Pilar Quinteros
Janus' Fortress Folkestone
Pilar Quinteros has created a new work for Waterfronts, for the town of Folkestone, co-commissioned with Creative Folkestone Triennial as part of England’s Creative Coast.
‘Janus Fortress: Folkestone’ is a new multifaceted work located on the cliff-top overlooking the town. In ancient Roman religion and myth, Janus is the god of beginnings, gates, transitions, time, duality, doorways, passages, frames and endings, usually depicted with two faces. Quinteros’s sculpture, which likewise presents two faces — one faced inland and the other gazing at the sea — symbolises the duality of borders: of looking outwards while protecting inwards, a dichotomy that the pandemic has made extremely pronounced.
The large sculpture is made out of a carefully calibrated plaster composite that resembles the chalk cliffs nearby, and its substance is similarly susceptible to weather and to human interaction, liable like the eroding cliff face to disintegrate over time. Quinteros cedes sculptural control to her materials through her work’s built-in fragility and metamorphosis, and in this way her work suggests an acceptance of mortality and of not being able to control life. It is, she says, “a monument to uncertainty”.
‘Janus Fortress Folkestone’ is also part of the 2021 Folkestone Triennial, ‘The Plot’, and the work will form part of a procession that ends the exhibition — and closes England’s Creative Coast — at the end of October.
Explaining the ideas behind her work, Quinteros states: “For much of human history it was believed that we lived in a world of binary nature, of opposites. Working for Waterfronts for England’s Creative Coast, and the specific location of Folkestone makes me think of that region of the country and its history being an important border, as a place of simultaneous entries and exits. It is a precise place to think about supposed opposites and what can be in the middle. Art, I think, opens that possibility.”
Pilar Quinteros’s art is underpinned by an abiding interest in public spaces, the way they function and the diversity of human behaviour within them. She experiments with both structure and material, testing the boundaries, resilience and resistance of fragile and unstable substances and how these transform over time.
‘Janus’ Fortress Folkstone’ is also part of Folkestone Triennial 2021
About the artist
Pilar Quinteros (B. Santiago, Chile, 1988) lives and works between Santiago (Chile) and Buenos Aires (Argentina). She works across drawing, sculpture, performance and video, often using cheap or recycled construction materials that are deliberately delicate and degradable. Physical labour and construction are central to the work, all undertaken by the artist and documented throughout the process in photography and video. Her projects often involve interventions in public space and consider the continual destruction and disappearance of what is taken for granted and to provide a bridge to imagining unexplored worlds.
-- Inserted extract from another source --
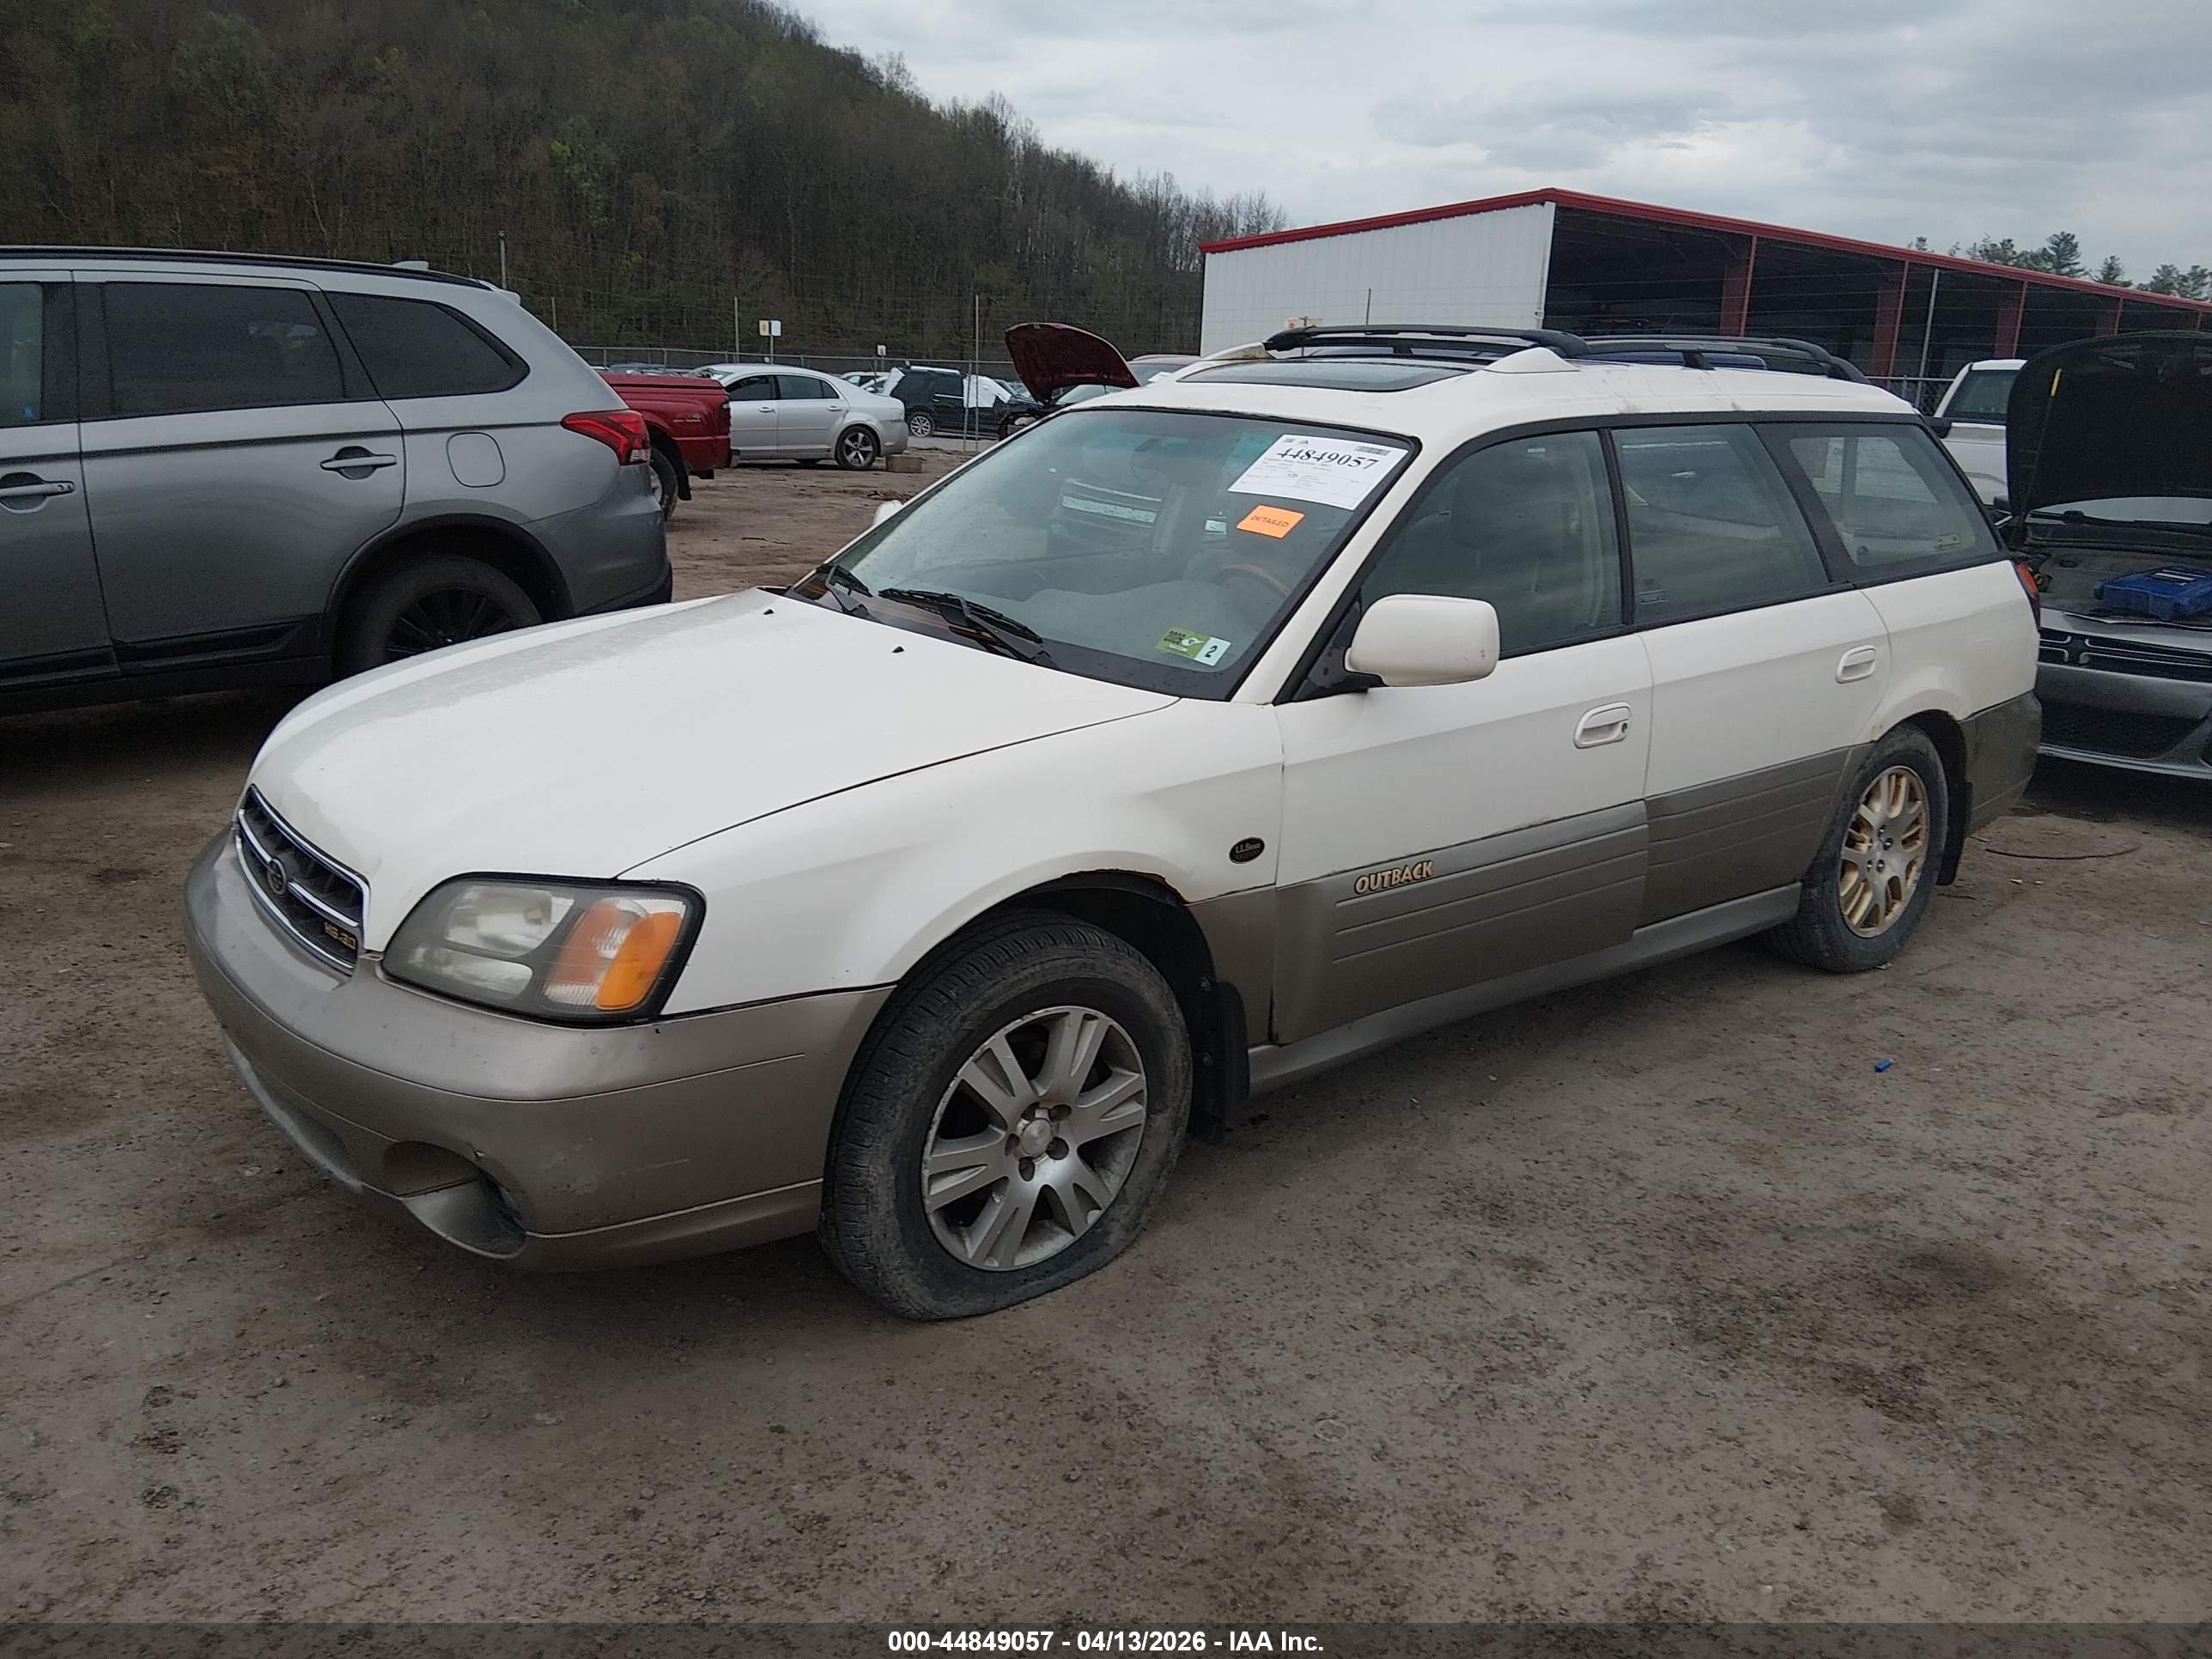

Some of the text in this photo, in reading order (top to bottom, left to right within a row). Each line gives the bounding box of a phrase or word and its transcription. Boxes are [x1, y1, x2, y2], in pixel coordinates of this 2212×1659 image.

[1277, 447, 1379, 470] 44849057
[1249, 514, 1290, 527] DETAILED
[1204, 645, 1218, 659] 2
[1353, 860, 1433, 894] OUTBACK
Selected exhibitions include El Faro del Progreso (Beacon of Progress), Gabriela Mistral Contemporary Art Gallery, Santiago; Amigos do Movimento Perpétuo (Friends of Perpetual Movement), Leme Gallery, São Paulo (both 2017); 32nd São Paulo Biennial – Live Uncertainty (São Paulo, Brazil, 2016); Oopart, Art Space Sagrada Mercancía, Santiago (2016); Cementerio Indio (Indian Cemetery), Sala de Arte CCU, Santiago; and Ephemeral replacement of a previous state, Carlos/Ishikawa, London (2015). She was a winner of AMA Scholarship 2018 for a three months residency at Gasworks, London; special mention of the jury at the 31st Biennial of Graphic Arts of Slovenia(2015); finalist of the Future Generation Art Prize 2014; Winner of the third place of CCU Art Fellowship (2013) and winner of the Jean-Claude Reynal Scholarship 2012 (French Foundation in conjunction with the Museum of Fine Arts in Bordeaux).